(Items from a dataset)
————
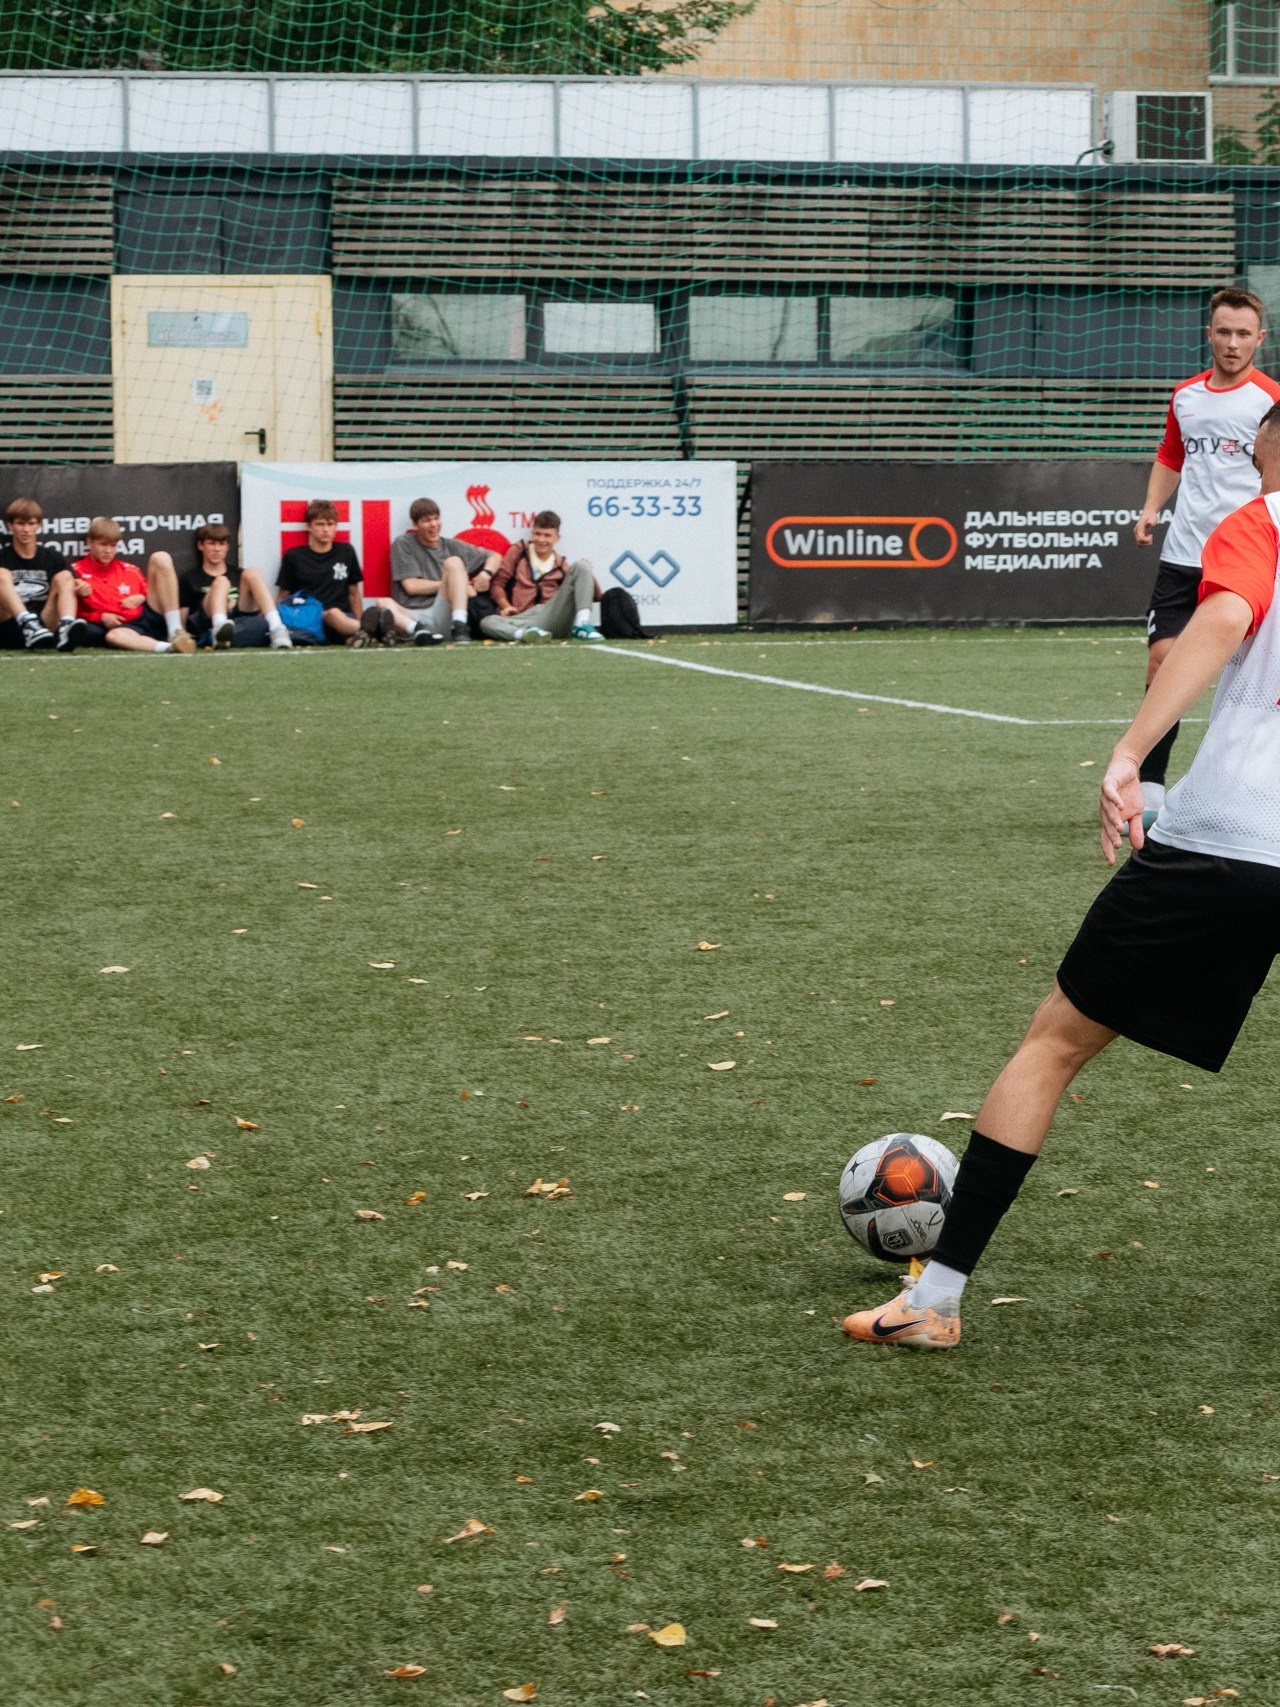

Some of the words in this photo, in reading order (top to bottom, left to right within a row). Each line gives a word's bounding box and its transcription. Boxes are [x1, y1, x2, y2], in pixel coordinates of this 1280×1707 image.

[587, 478, 671, 489] ПОДДЕРЖКА
[674, 478, 702, 489] 24/7
[587, 496, 702, 517] 66-33-33
[964, 509, 1173, 529] ДАЛЬНЕВОСТОЧА
[783, 529, 903, 556] Winline
[964, 531, 1119, 549] ФУТБОЛЬНАЯ
[964, 553, 1103, 572] МЕДИАЛИГА
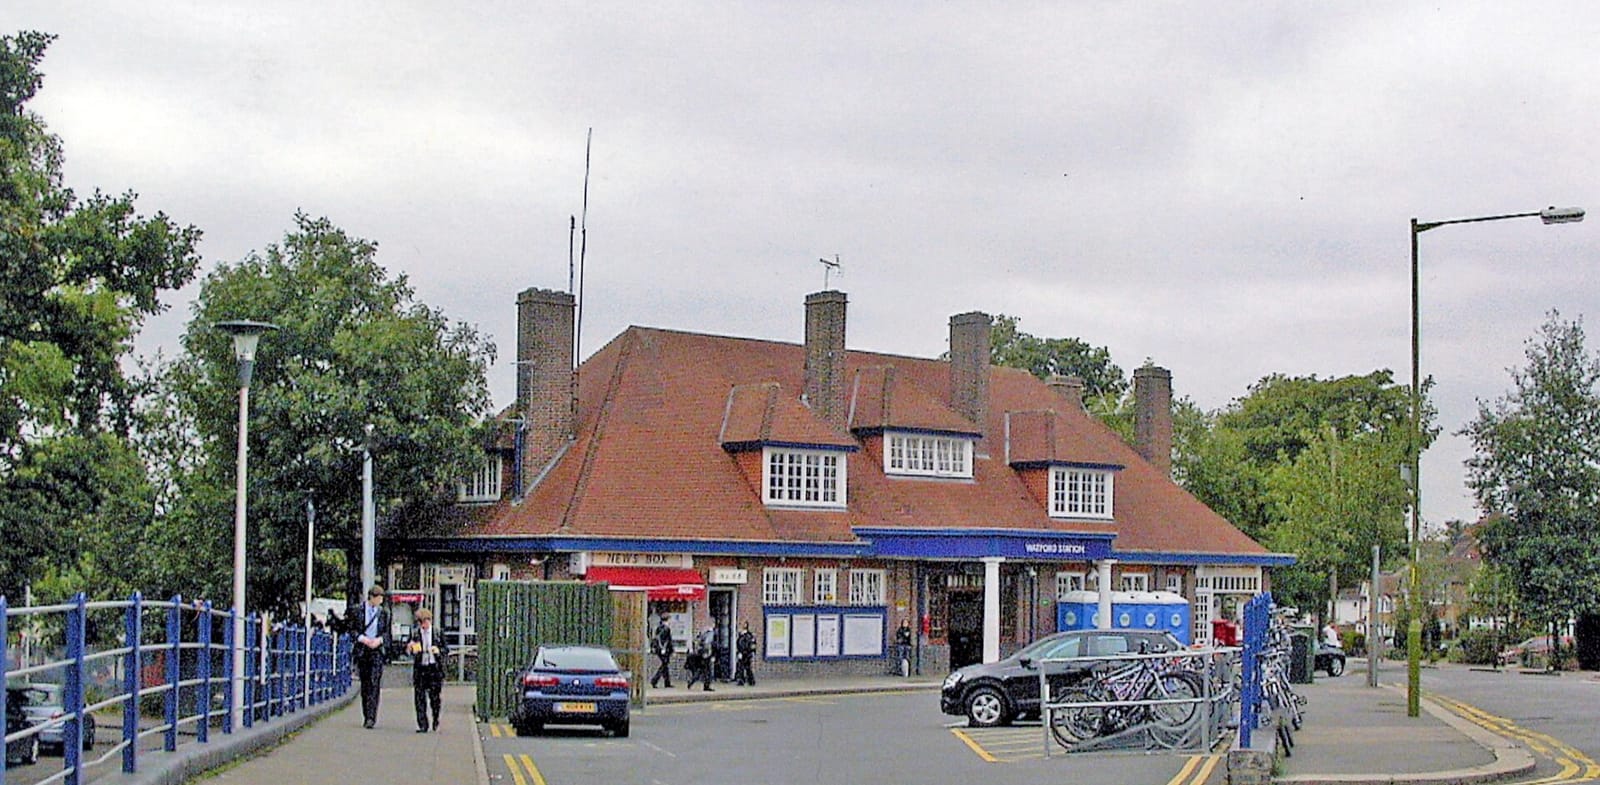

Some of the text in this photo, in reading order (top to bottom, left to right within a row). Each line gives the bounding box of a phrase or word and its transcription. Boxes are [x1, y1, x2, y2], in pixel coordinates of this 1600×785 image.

[1025, 543, 1085, 554] WATFORD STATION
[607, 552, 667, 564] NEWS BOX
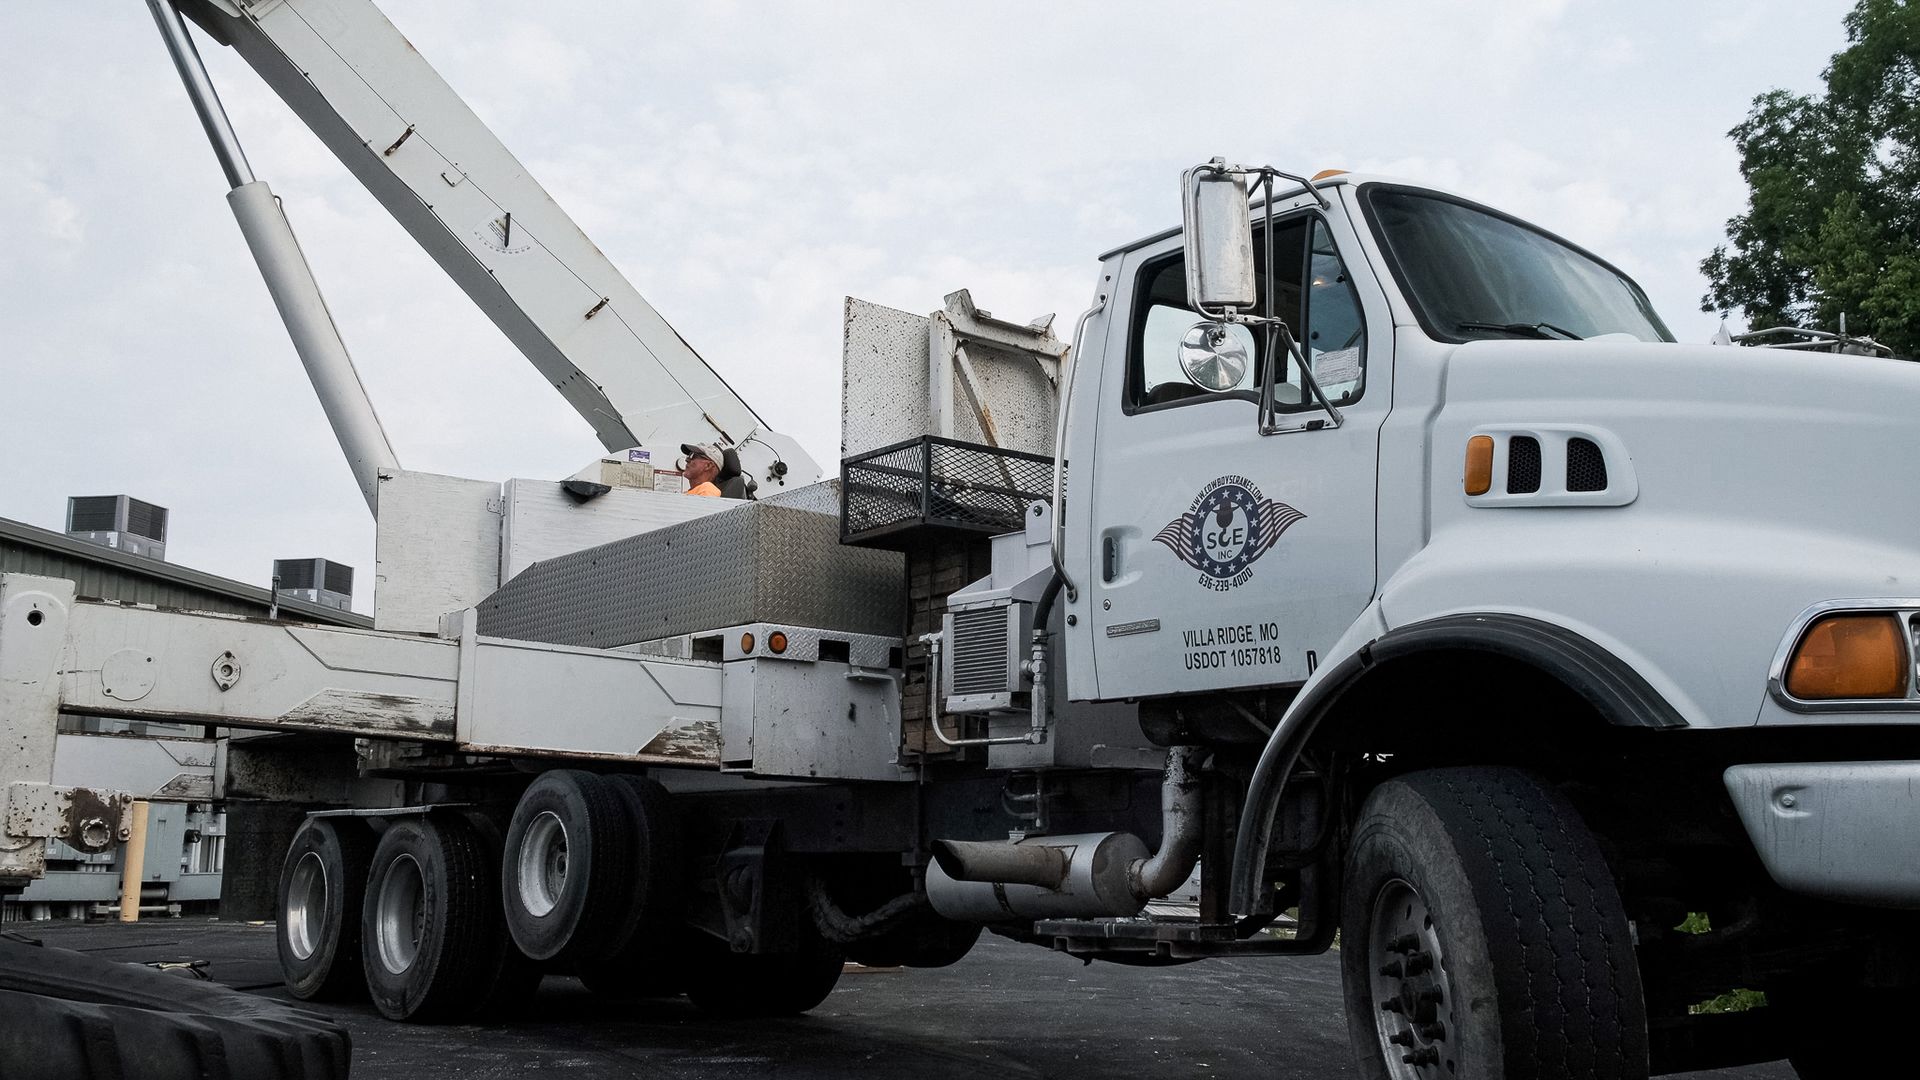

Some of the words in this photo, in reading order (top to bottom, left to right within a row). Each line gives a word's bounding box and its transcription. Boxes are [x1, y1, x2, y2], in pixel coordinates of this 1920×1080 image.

[1189, 474, 1264, 512] WWW.COWBOYSCRANES.COM
[1217, 549, 1233, 560] INC
[1198, 566, 1254, 592] 636-239-4000
[1182, 628, 1215, 648] VILLA
[1217, 624, 1257, 645] RIDGE,
[1259, 622, 1279, 641] MO
[1184, 650, 1227, 670] USDOT
[1230, 645, 1281, 667] 1057818
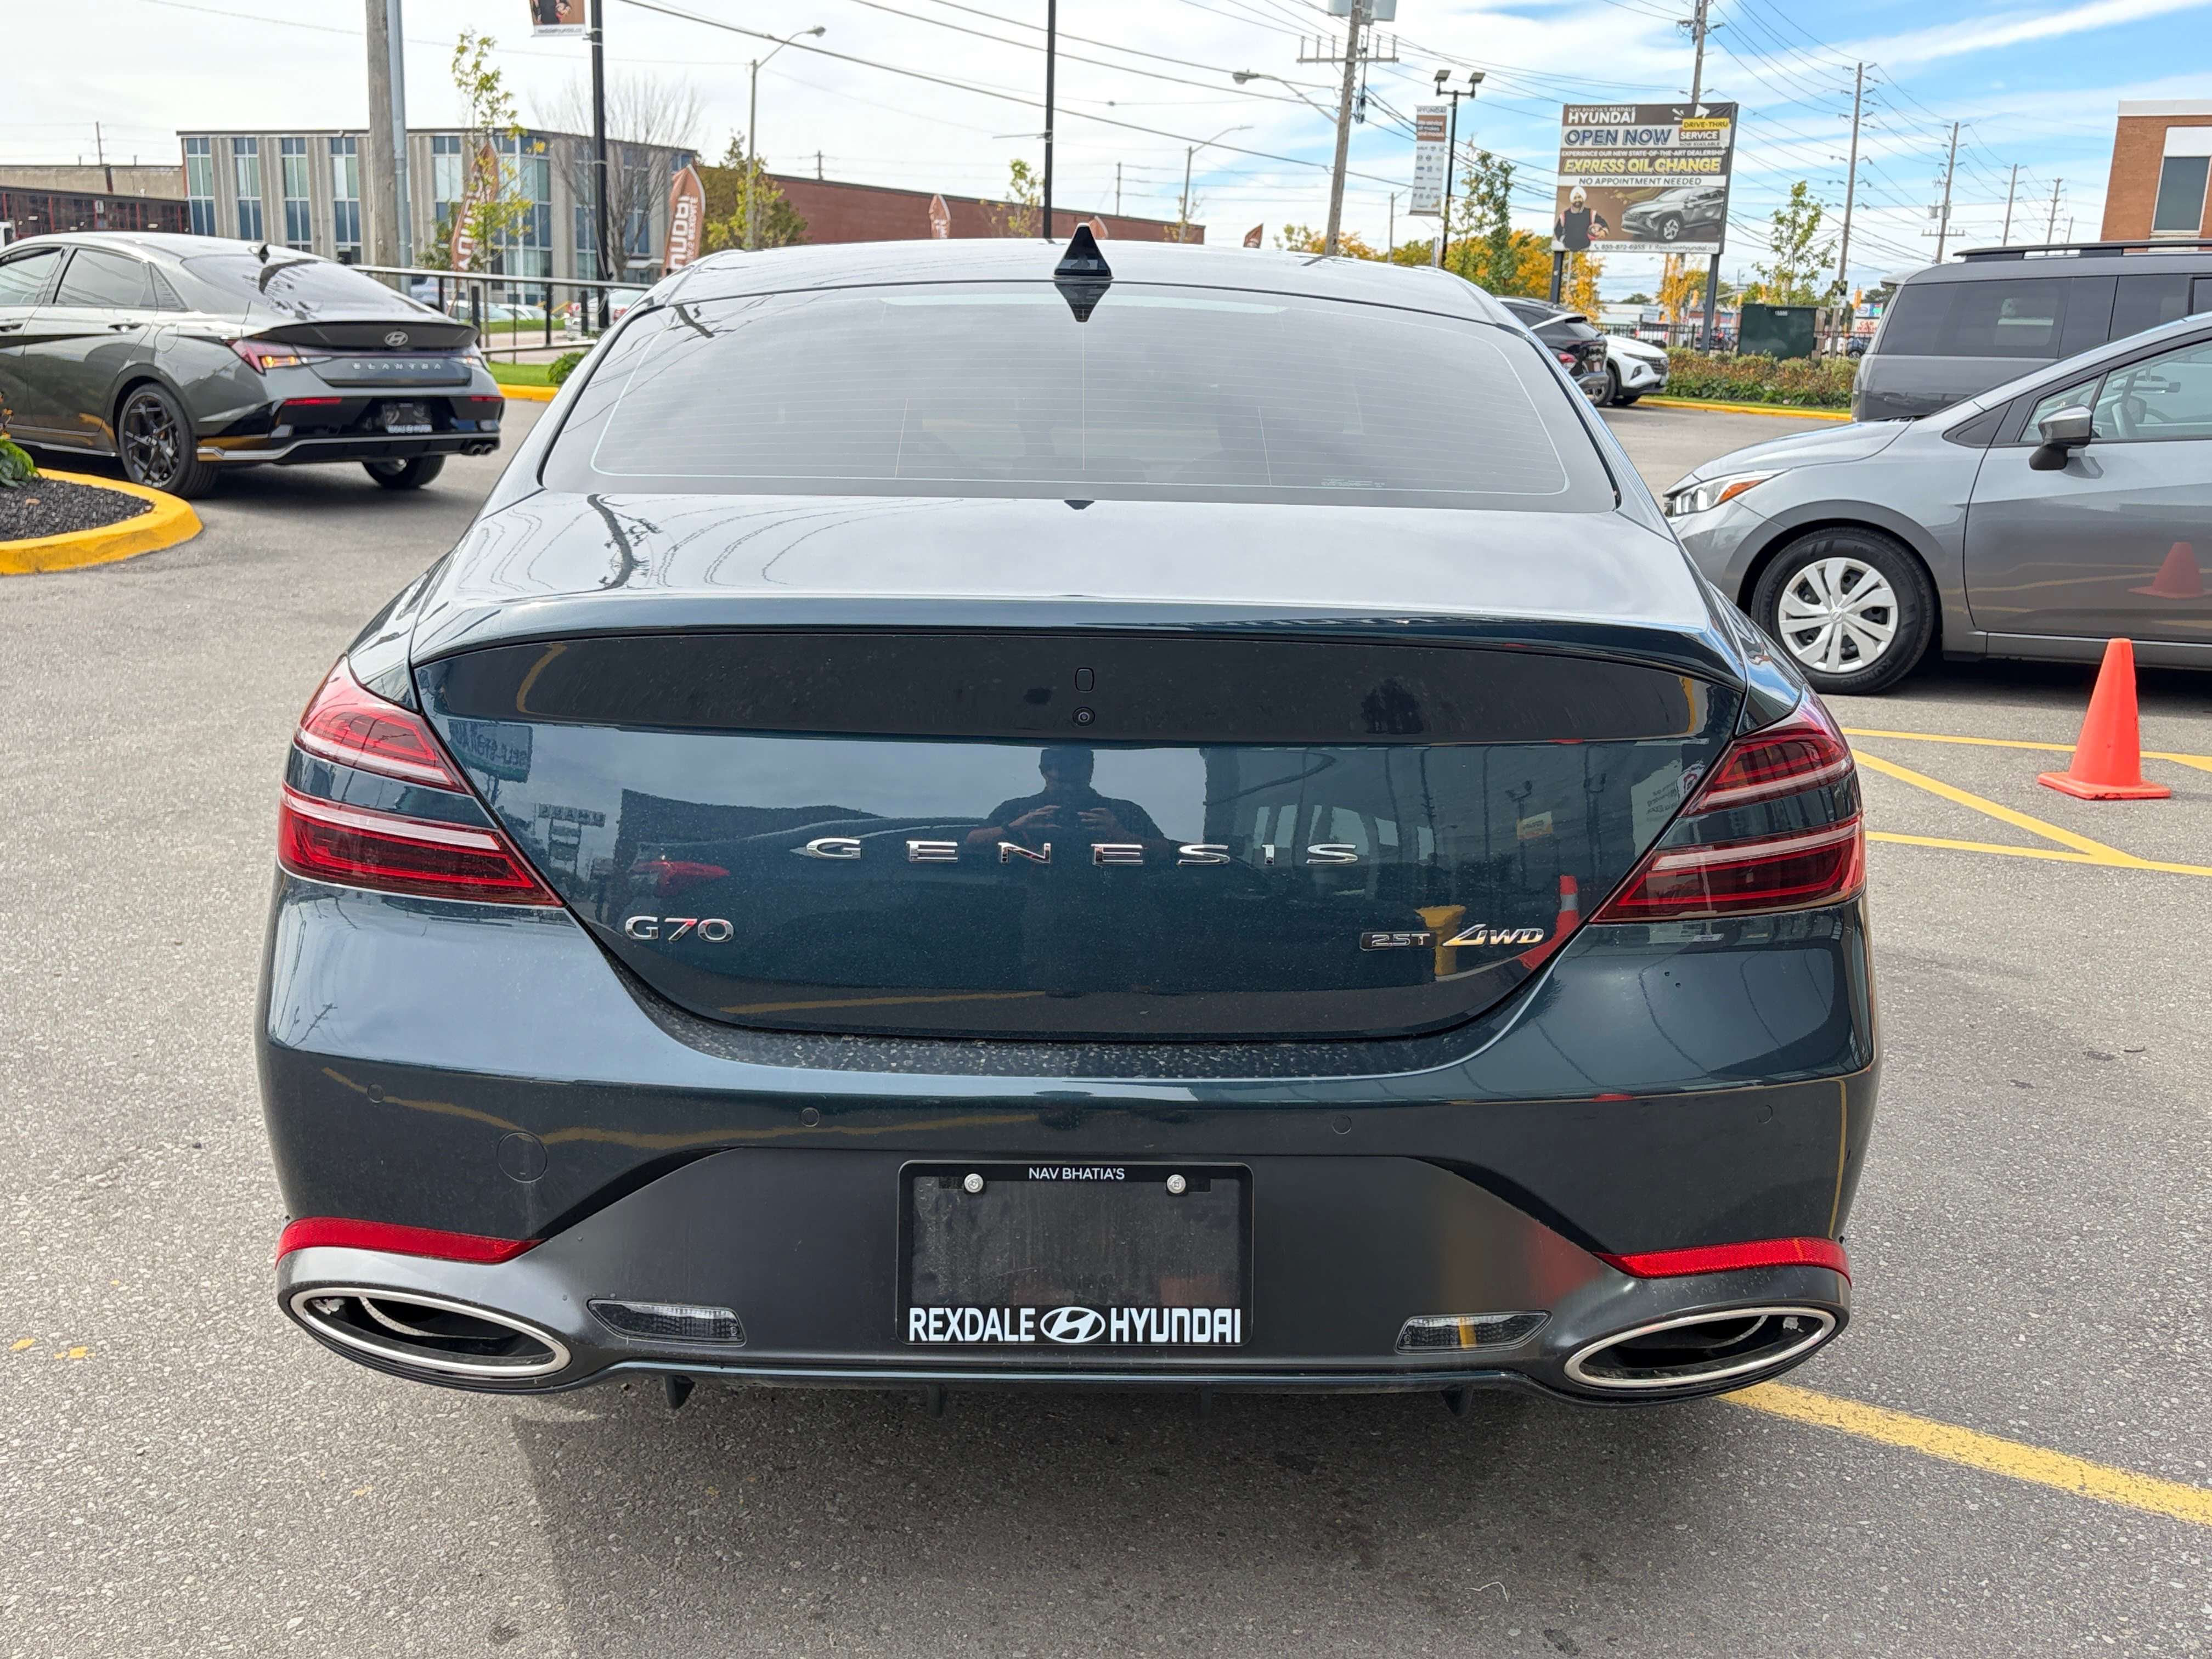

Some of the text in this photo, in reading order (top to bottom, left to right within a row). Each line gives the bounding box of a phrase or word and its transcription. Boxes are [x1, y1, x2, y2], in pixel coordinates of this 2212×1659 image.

[1568, 111, 1636, 124] HYUNDAI
[1565, 128, 1672, 146] OPEN NOW
[1680, 131, 1718, 140] SERVICE
[1563, 157, 1722, 174] EXPRESS OIL CHANGE
[805, 838, 1358, 866] GENESIS
[625, 916, 735, 943] G70
[1372, 933, 1430, 946] 2.5T
[1029, 1167, 1125, 1180] NAV BHATIA'S
[909, 1308, 1240, 1343] REXDALE HYUNDAI
————
Repeat the records above exactly. No pictures go into the repeat.

Some of the words in this photo, in reading order (top to bottom, left to right within a row). Each line gives a word's bounding box and its transcription. Boxes are [x1, y1, x2, y2], in pixel coordinates of this 1280×1707 image.

[587, 478, 671, 489] ПОДДЕРЖКА
[674, 478, 702, 489] 24/7
[587, 496, 702, 517] 66-33-33
[964, 509, 1173, 529] ДАЛЬНЕВОСТОЧА
[783, 529, 903, 556] Winline
[964, 531, 1119, 549] ФУТБОЛЬНАЯ
[964, 553, 1103, 572] МЕДИАЛИГА

Some of the text in this photo, in reading order (top to bottom, left to right within a row). Each line gives the bounding box of a phrase or word and its transcription. Boxes are [x1, y1, x2, y2], in pixel coordinates of this 1600×785 image.

[1025, 543, 1085, 554] WATFORD STATION
[607, 552, 667, 564] NEWS BOX

Some of the words in this photo, in reading order (top to bottom, left to right within a row). Each line gives a word's bounding box and its transcription. Boxes are [x1, y1, x2, y2], in pixel coordinates of this 1920×1080 image.

[1189, 474, 1264, 512] WWW.COWBOYSCRANES.COM
[1217, 549, 1233, 560] INC
[1198, 566, 1254, 592] 636-239-4000
[1182, 628, 1215, 648] VILLA
[1217, 624, 1257, 645] RIDGE,
[1259, 622, 1279, 641] MO
[1184, 650, 1227, 670] USDOT
[1230, 645, 1281, 667] 1057818

Some of the text in this photo, in reading order (top to bottom, left to right within a row). Each line gives the bounding box of a phrase or word and its transcription. Boxes are [x1, y1, x2, y2], in pixel coordinates of this 2212×1659 image.

[1568, 111, 1636, 124] HYUNDAI
[1565, 128, 1672, 146] OPEN NOW
[1680, 131, 1718, 140] SERVICE
[1563, 157, 1722, 174] EXPRESS OIL CHANGE
[805, 838, 1358, 866] GENESIS
[625, 916, 735, 943] G70
[1372, 933, 1430, 946] 2.5T
[1029, 1167, 1125, 1180] NAV BHATIA'S
[909, 1308, 1240, 1343] REXDALE HYUNDAI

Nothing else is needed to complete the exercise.